--- START ---

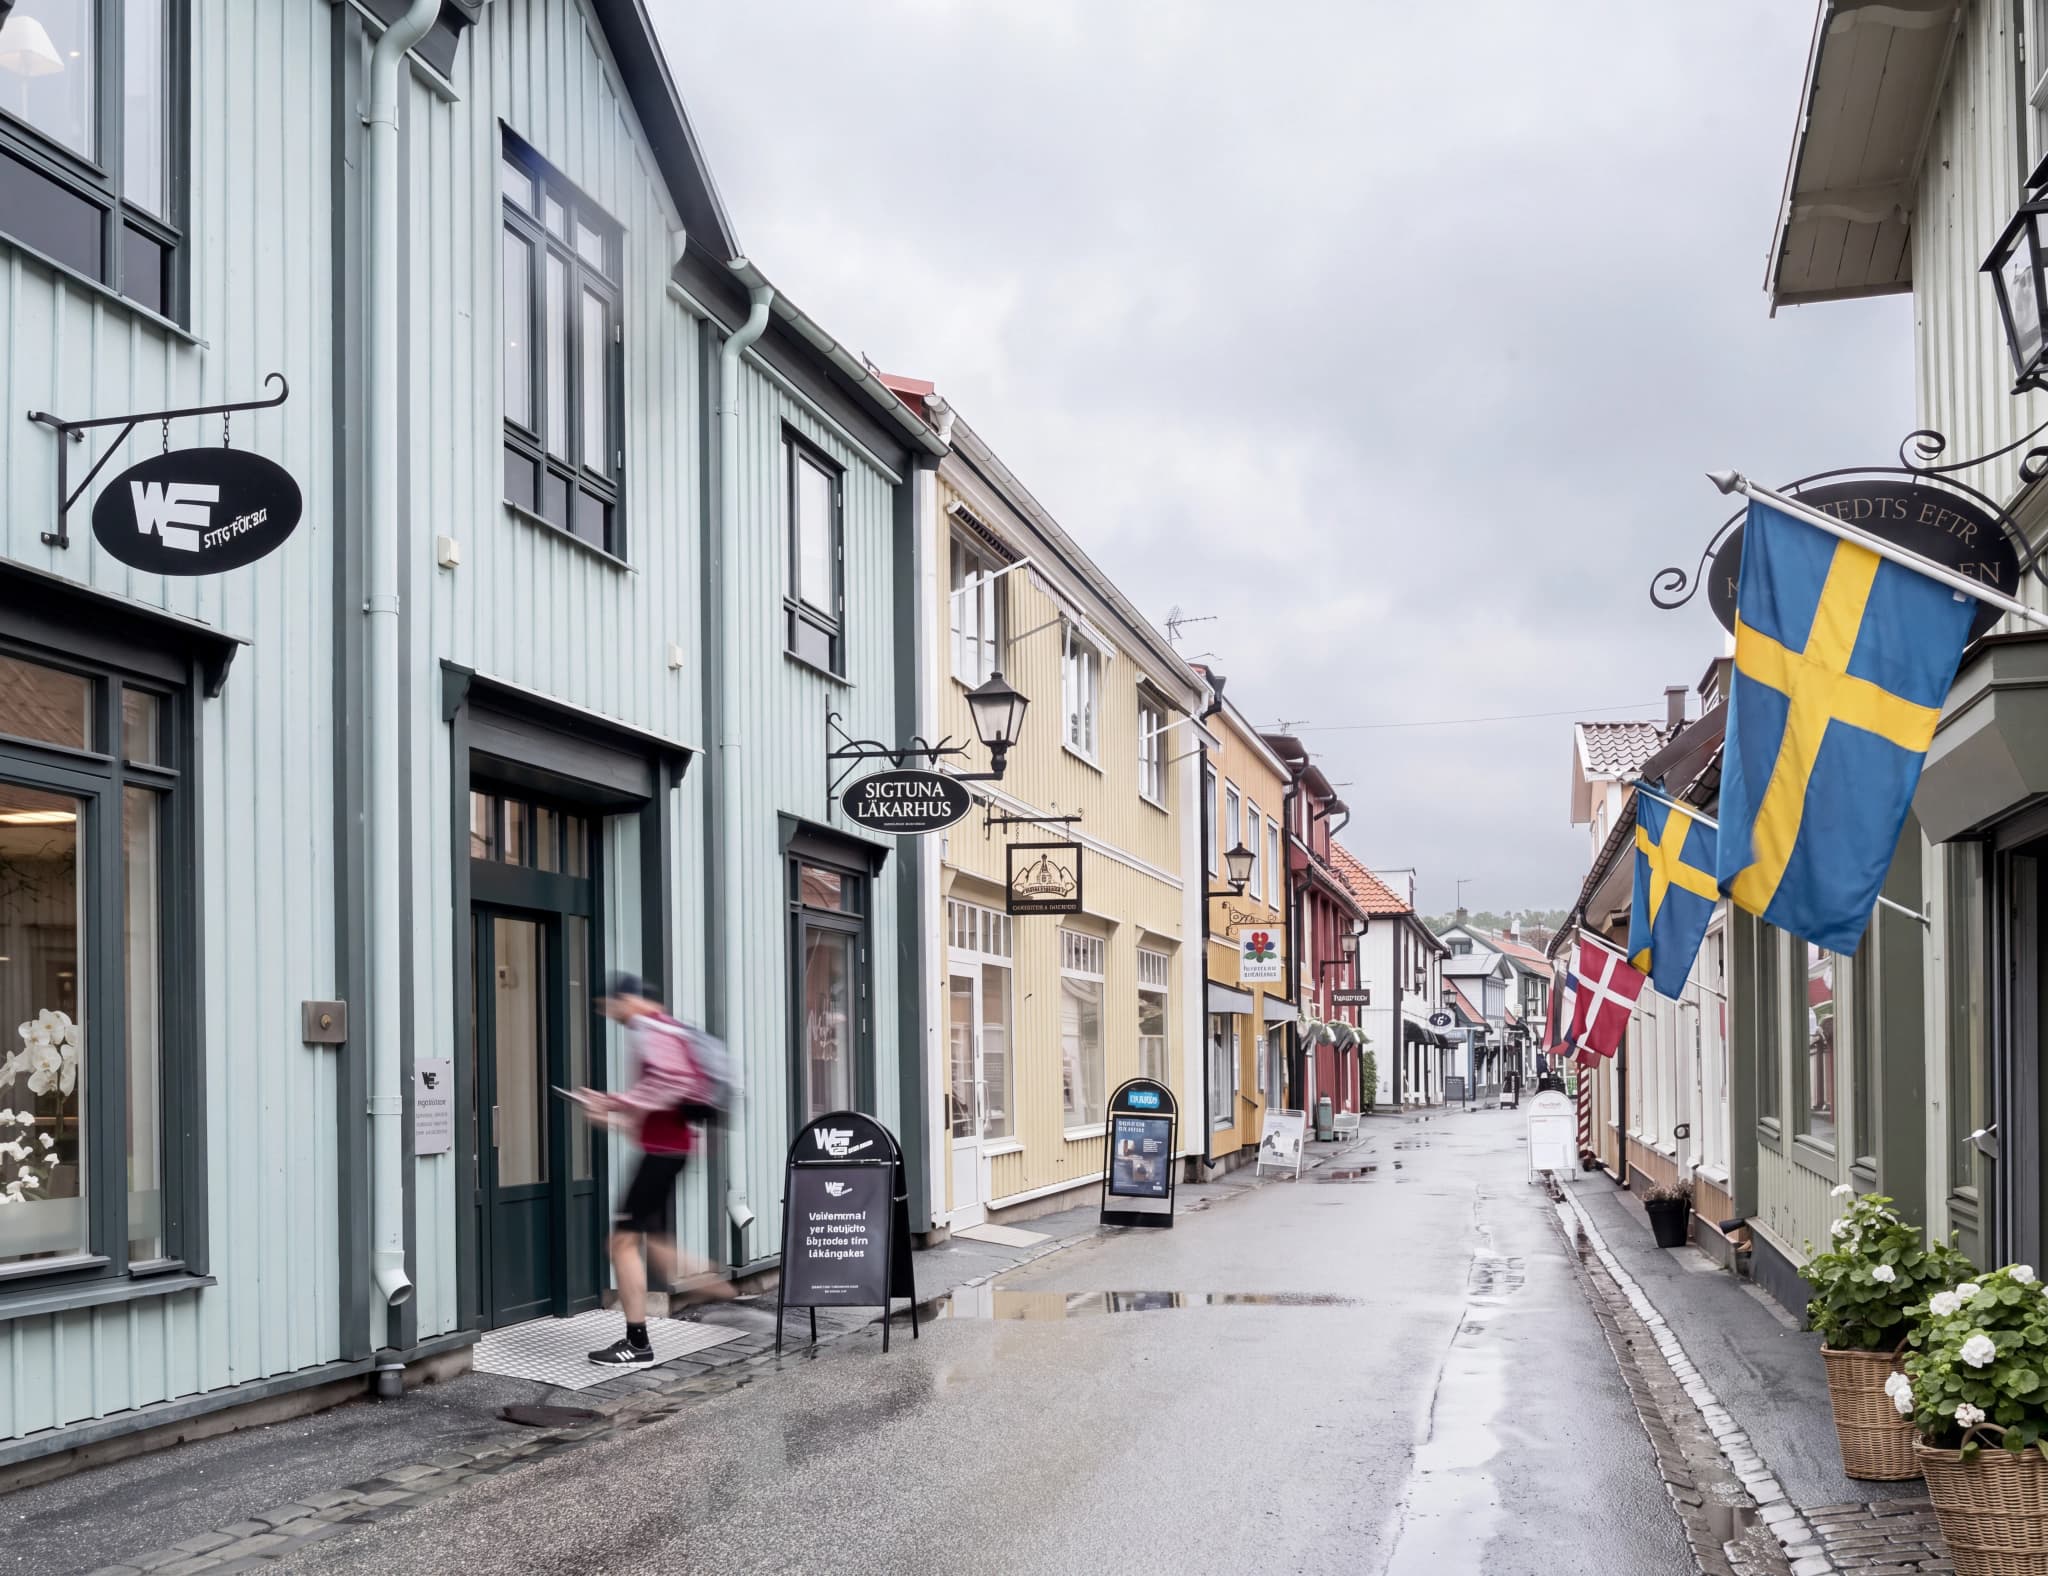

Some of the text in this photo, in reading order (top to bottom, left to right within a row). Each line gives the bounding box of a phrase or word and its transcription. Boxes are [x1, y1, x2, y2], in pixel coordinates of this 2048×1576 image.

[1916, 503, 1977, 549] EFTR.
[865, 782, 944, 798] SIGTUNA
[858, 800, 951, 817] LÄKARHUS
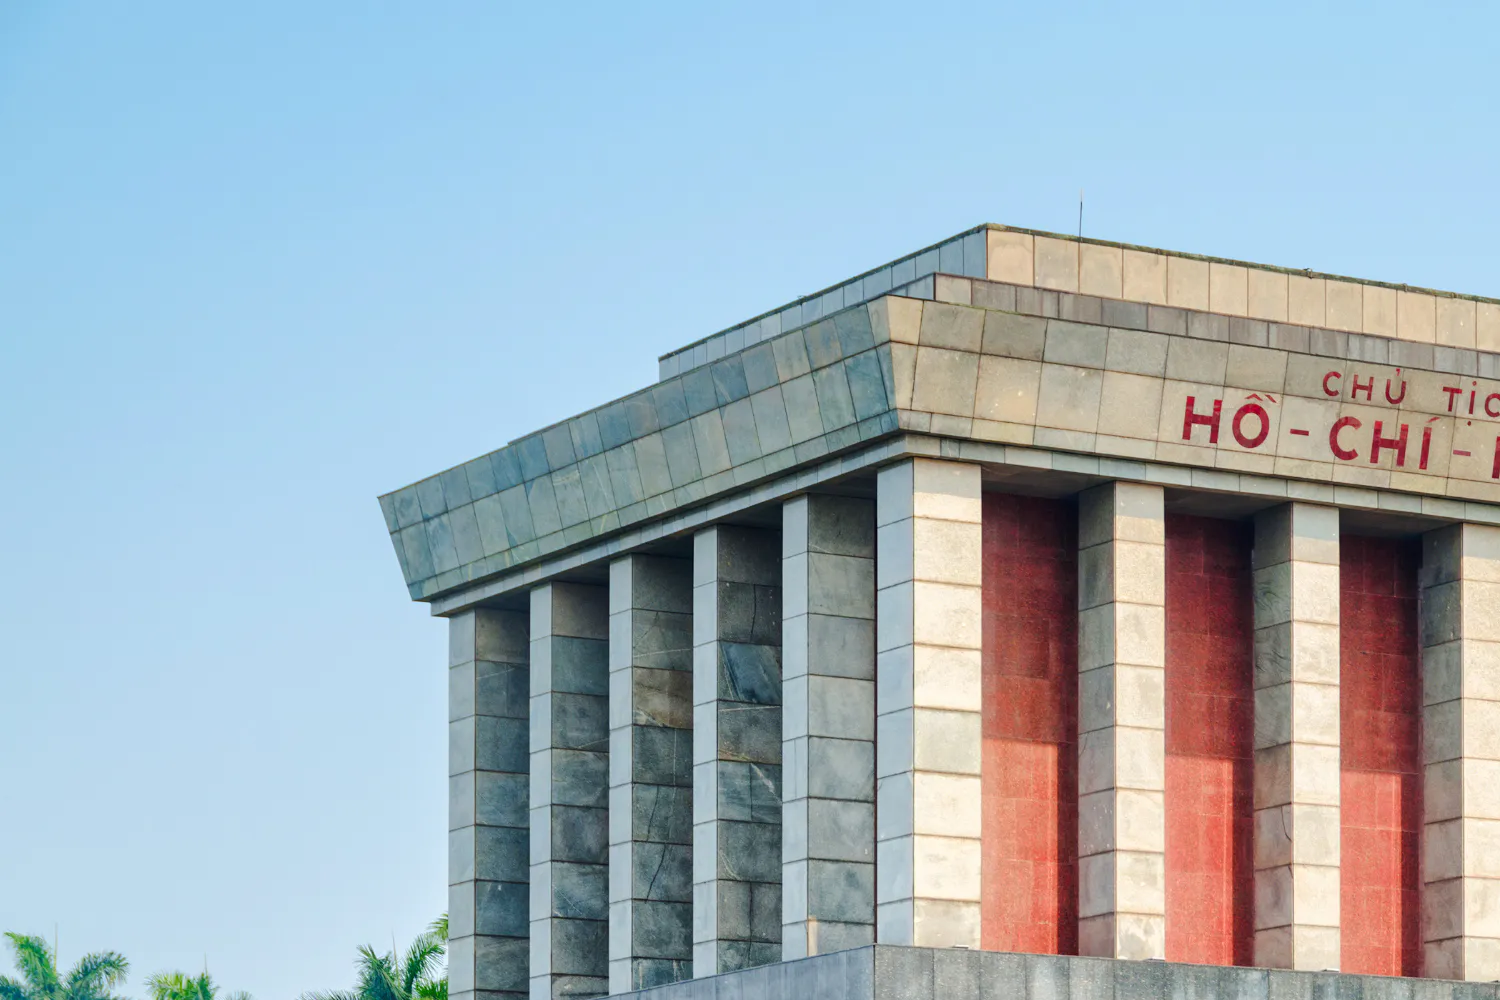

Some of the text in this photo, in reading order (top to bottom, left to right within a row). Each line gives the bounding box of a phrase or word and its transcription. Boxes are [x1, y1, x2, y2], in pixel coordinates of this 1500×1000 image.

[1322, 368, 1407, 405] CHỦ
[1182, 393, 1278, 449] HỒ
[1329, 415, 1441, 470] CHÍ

--- END ---

* EXERCISE GOAL
Going from the line that contains "this 1500×1000 image." to the last line of the records, reproduce every line as written.

* COMPLETED TASK
Some of the text in this photo, in reading order (top to bottom, left to right within a row). Each line gives the bounding box of a phrase or word and its transcription. Boxes are [x1, y1, x2, y2], in pixel coordinates of this 1500×1000 image.

[1322, 368, 1407, 405] CHỦ
[1182, 393, 1278, 449] HỒ
[1329, 415, 1441, 470] CHÍ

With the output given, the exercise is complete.